Vizepräsident Wolfgang Joithe–von Krosigk: Das Wort hat Herr Kerstan.

Herr Präsident, meine Damen und Herren! Paragraf 7 des hamburgischen Senatsgesetzes räumt dem Bürgermeister das Recht ein, eine Senatorin oder einen Senator von der Ausführung der Amtsgeschäfte freizustellen, solange ein laufendes Strafverfahren nicht rechtskräftig beendet ist. Der Bürgermeister hat anlässlich der Ermittlungen gegenüber Senator Frigge von diesem Recht keinen Gebrauch gemacht.

Die Aussagen der Staatsanwaltschaft in Rheinland-Pfalz ergaben eine ganze Reihe von Merkwürdigkeiten und Ungereimtheiten,

(Frank Schira CDU: Das kann man wohl sa- gen!)

die aber kein eindeutiges und klares Bild ergeben, sodass ein fundiertes Urteil über die Sachverhalte für die nicht an der Ermittlung Beteiligten kaum möglich ist. Insofern wird das weitere Strafverfahren notwendig sein, um schnell Licht ins Dunkel zu bringen. Solange das nicht der Fall ist, gilt in einem Rechtsstaat die Unschuldsvermutung und vor diesem Hintergrund werden wir den Antrag der SPD ablehnen. – Vielen Dank.

(Beifall bei der CDU und der GAL)

Vizepräsident Wolfgang Joithe–von Krosigk: Das Wort hat Frau Heyenn.

Herr Präsident, meine Damen und Herren! Versicherungsvertreter, Politiker und Lehrer haben den schlechtesten Ruf in dieser Republik.
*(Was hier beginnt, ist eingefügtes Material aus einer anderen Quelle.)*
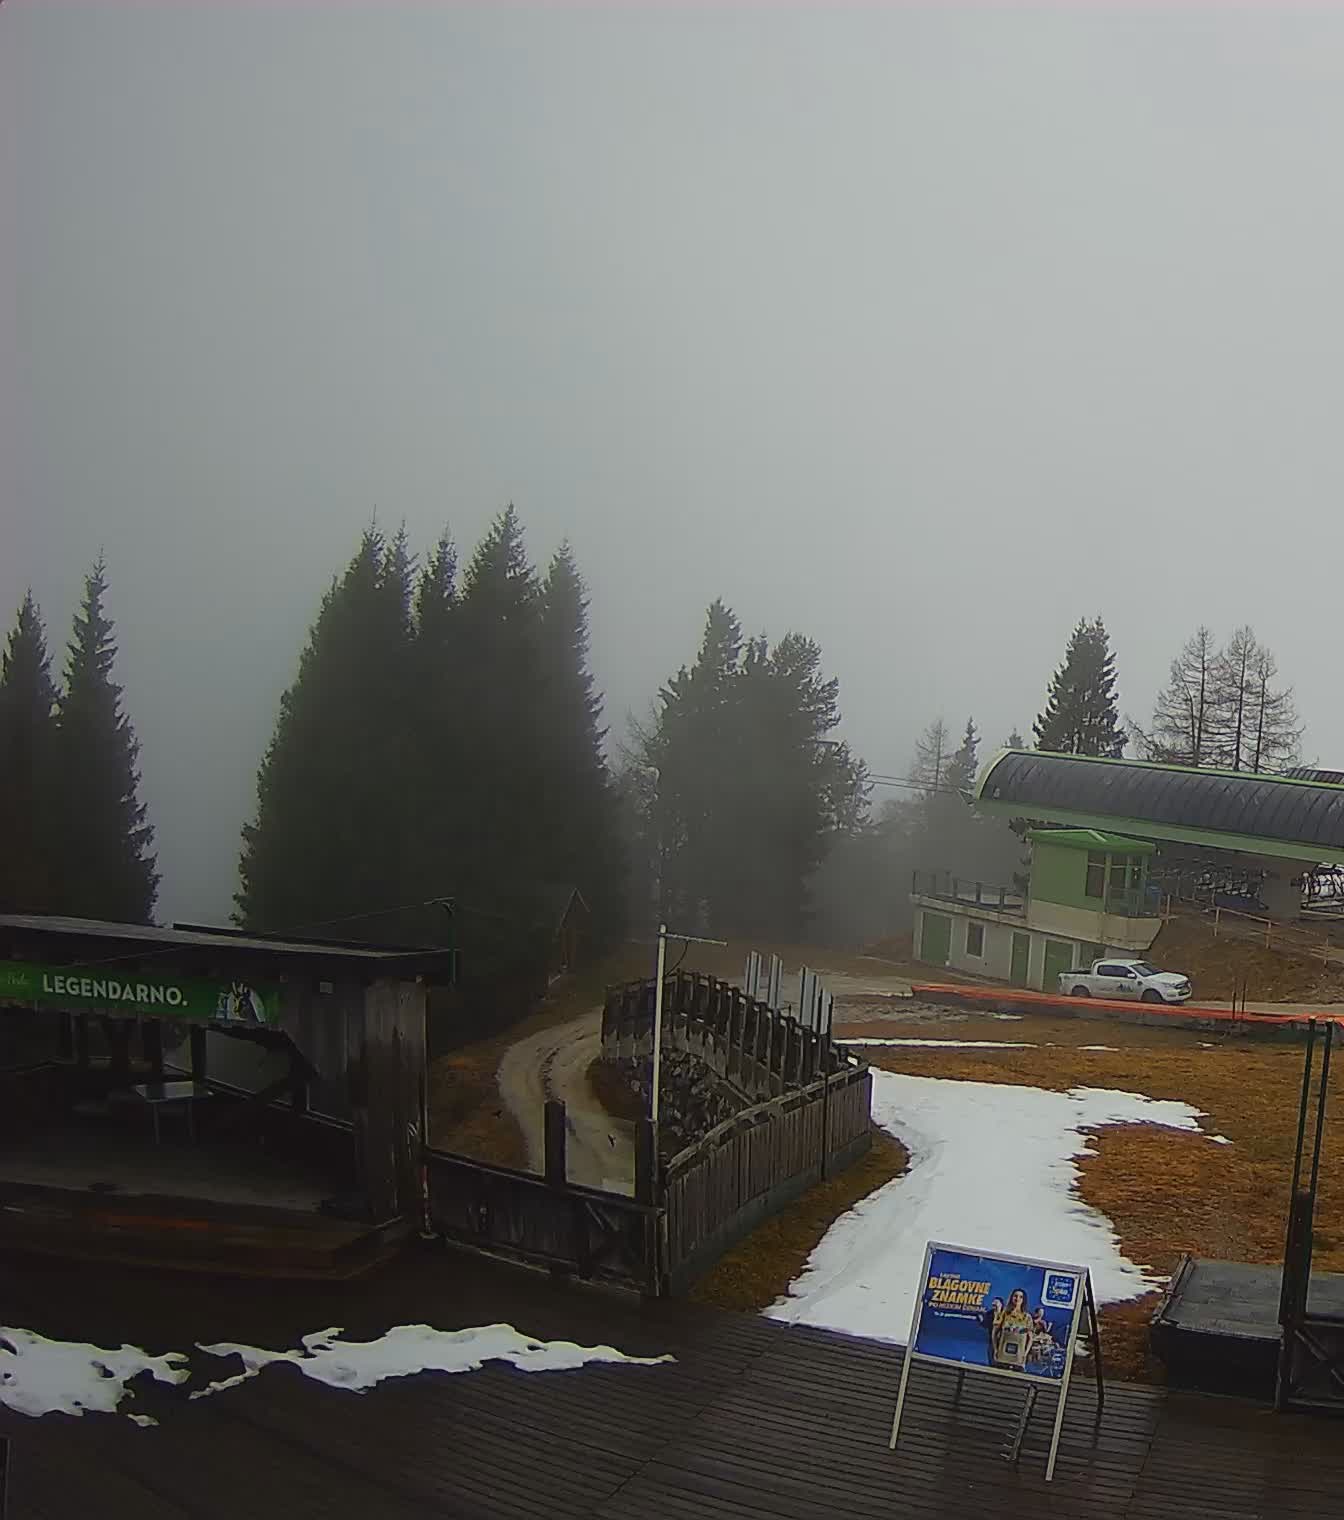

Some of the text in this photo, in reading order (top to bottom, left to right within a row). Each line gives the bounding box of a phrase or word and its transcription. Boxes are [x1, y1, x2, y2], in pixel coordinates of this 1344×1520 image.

[43, 973, 188, 1006] LEGENDARNO.
[928, 1276, 992, 1295] BLAGOVNE
[931, 1289, 985, 1306] ZNAMKE
(Frank Schira CDU: Und Sie sind beides!)

Ich bin sogar beides, ganz genau.

Das Vertrauen in die Politik hat sehr stark gelitten, wir sprechen von Politik- und Politikerverdrossenheit. Die Politik braucht insbesondere Vertrauen, wenn es um Finanzpolitik geht. Diese Politikverdrossenheit, Herr Schira, haben Sie mit Ihrer völlig unqualifizierten Rede soeben erheblich erhöht.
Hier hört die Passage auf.